Torn between security of home and a whisper on the wind that said <i> be your own man!</i> : Heeding the Winds of Change

His name is Marty. I last saw him at the front of the house, his tan Toyota bulging with the bare essentials of a life he was about to start. At 20, he was heading out on his own, responding to a whisper of independence that was blowing in the wind, a call to see new places and hear new sounds.

I asked him how he felt as we stood together near the large oak that sheltered the driveway, where we had stood so many times before. He smiled slightly and said, “A little nervous, I guess.”

“That’s pretty normal,” I said. “We’ve all gone through it. But sooner or later a kid’s got to leave the nest. It’s scary, but we stumble on through somehow. You’ll do all right.”

“I hope so. I’m going to try.”


“I know you will.”

We talked for a long time. I was trying to come up with the kind of advice that might do him some good as he began building an adulthood high up at the northern end of California, where the redwoods march to the edge of the sea, where a roaring surf dares the granite cliffs.

But all I could come up with were a lot of rambling basics Marty had already mastered simply by reaching 20. Drive carefully, work hard, be honest, clean your room, keep the music down, do your homework and, for God’s sake, leave my clothes alone.

“Your clothes are safe,” he said, laughing. “I won’t be here, remember?”


So he won’t.

That’s going to take some getting used to. An empty boy’s room with posters on the wall. No rock music rattling the windows. The vacancy. The silence.


He had actually decided months ago that L.A. was no longer for him. It wasn’t an easy decision. He was torn between the security of life at home and a whisper on the wind that said be your own man! That said spread your wings, boy! That said fly!


The voice in his head was compelling, and in the end he responded to the call that came from beyond the distance, from the shadows of the ridge line, from the sunlight in the glades.

I considered trying to talk him out of the north coast as his destination. Eureka isn’t exactly a land of opportunity. The weather isn’t ideal.

But I kept my silence because opportunity is what you make it to be, and because someone told me a long time ago that a man grows tall under dark skies, when the storm howls and the rain falls, and I think now I know what he meant.

Mart was simply following my lead. I have always loved the open land and have talked about it for years. He must have been listening.


The north coast is honest country. Redwoods dwarf our fussy priorities, and the wild rivers rush down from the mountains with a strength that defies containment. There are lessons there for the young, far beyond what I could teach on the front porch, with only minutes left.
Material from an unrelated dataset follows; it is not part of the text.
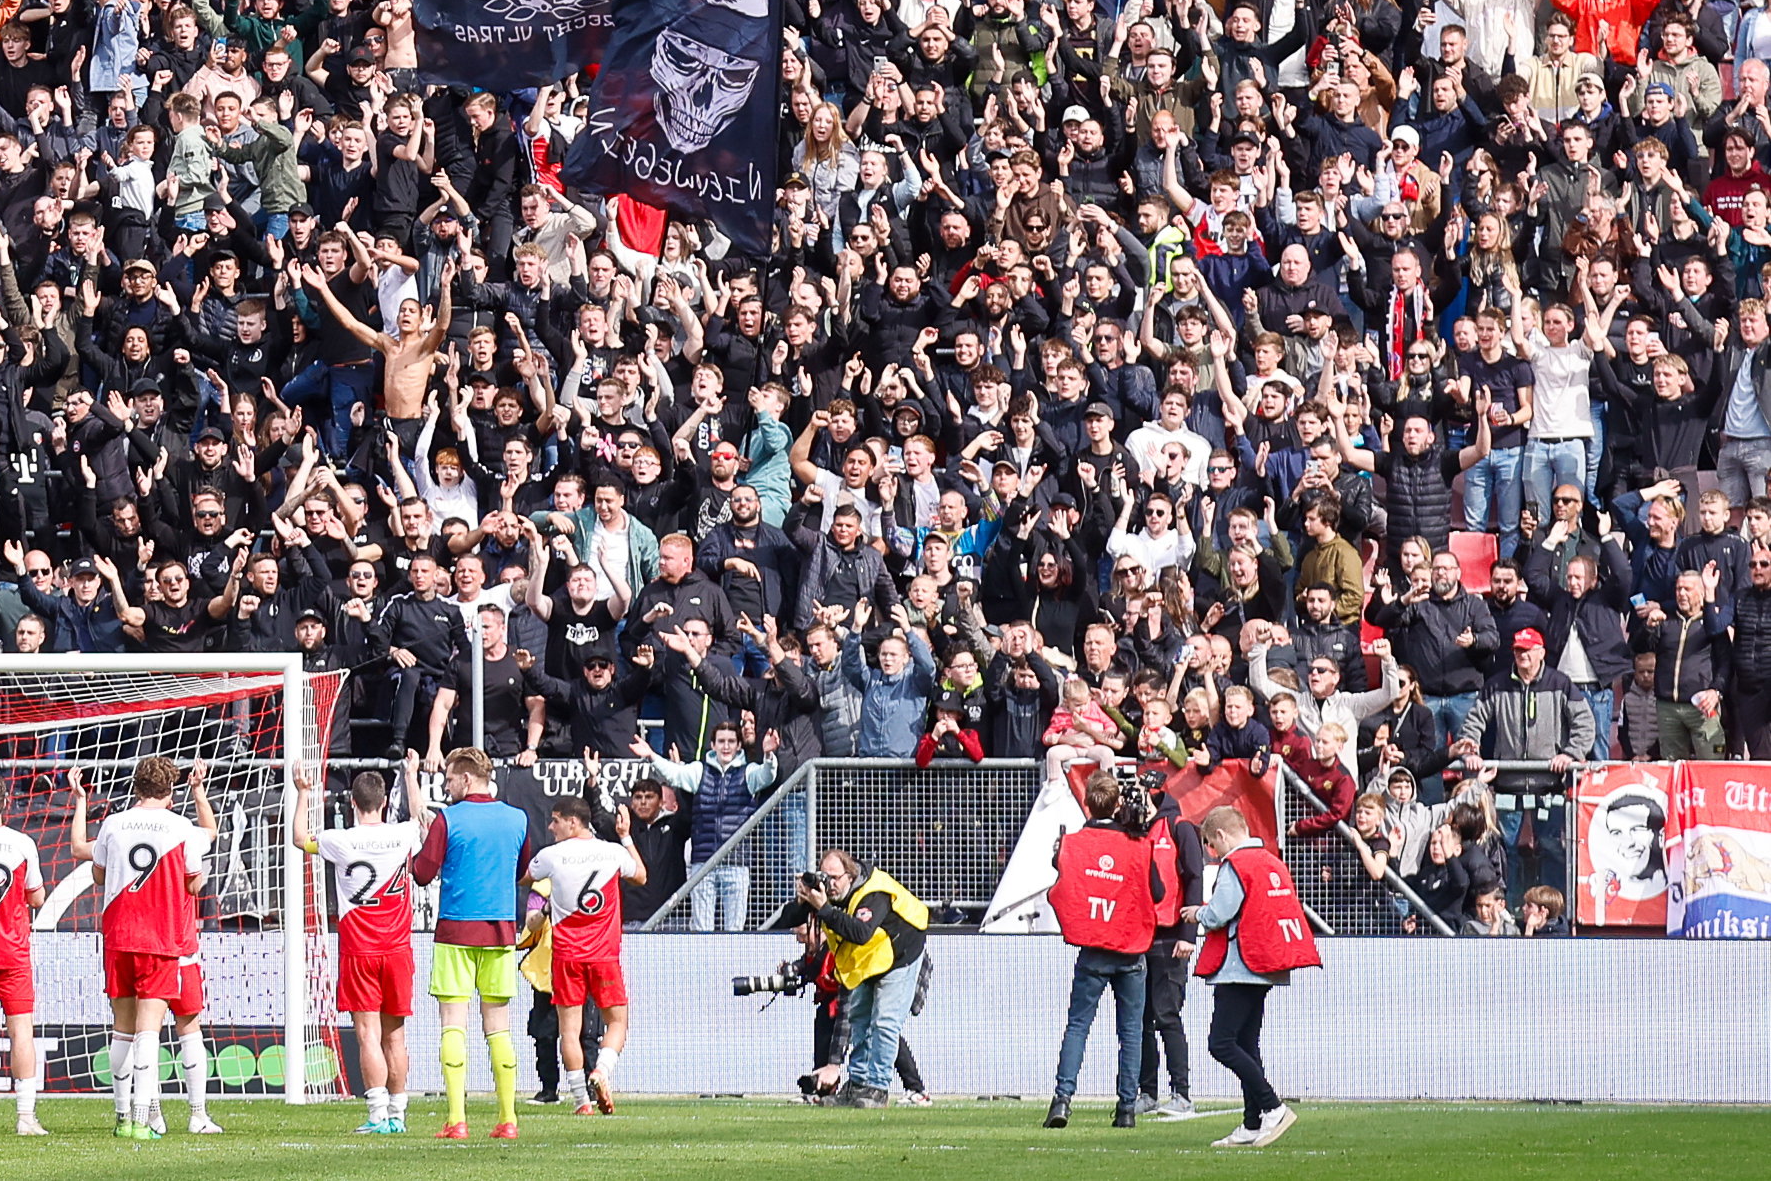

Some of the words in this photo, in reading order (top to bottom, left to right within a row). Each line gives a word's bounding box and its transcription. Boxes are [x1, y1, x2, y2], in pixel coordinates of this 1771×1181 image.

Still, there had to be something I could say, something vital, something important, something to strengthen him in the hard times, to cheer him in the sad times. Something real, something fine. Something . . .

Not that I haven’t had the opportunity to do all that before. I’ve known the boy for a lot of years. It’s just that I never got around to it, or maybe I didn’t even know what to say then, or maybe I was just too damned preoccupied with writing words and meeting deadlines and responding to the whispers in my own head.

Time is measured by different standards. We had an apple tree in the yard once and I used to promise myself that Mart and I were going to go off somewhere and talk before the apples were all gone. I’d tell him what life was all about and prepare him for the tomorrows which then seemed so distant.


But I never did, not that way, and then one day I’d realize that the last apple had fallen from the tree and it was too late. Time had passed and I hadn’t even noticed.

Damn me and damn the days that fly too fast, the years that flicker by like fireflies in the night.

“Well,” he said with a mixture of reluctance and anticipation, “I guess I’d better leave.”

I nodded. “The traffic shouldn’t be too bad,” I said.


Is that what I would leave him with? A traffic report? That’s all?

We shook hands, the small hand grown large that I had once held as we walked through the summers of his youth, the hand I had touched as he slept in a crib long turned to kindling, the hand I had taken to pull him up over a hilltop where we hiked.

“So long, Dad.”

“So long, Mart.”


We hugged, and as we did it suddenly came to me, advice beyond planning, a word drawn from that area within us where all good instincts are born.

I said simply, “Care.”

And then my son’s car pulled from the driveway, and then it was a disappearing blur of tan down a long and winding road, and then it was gone. I stood there for a very long time, listening to the wind blow.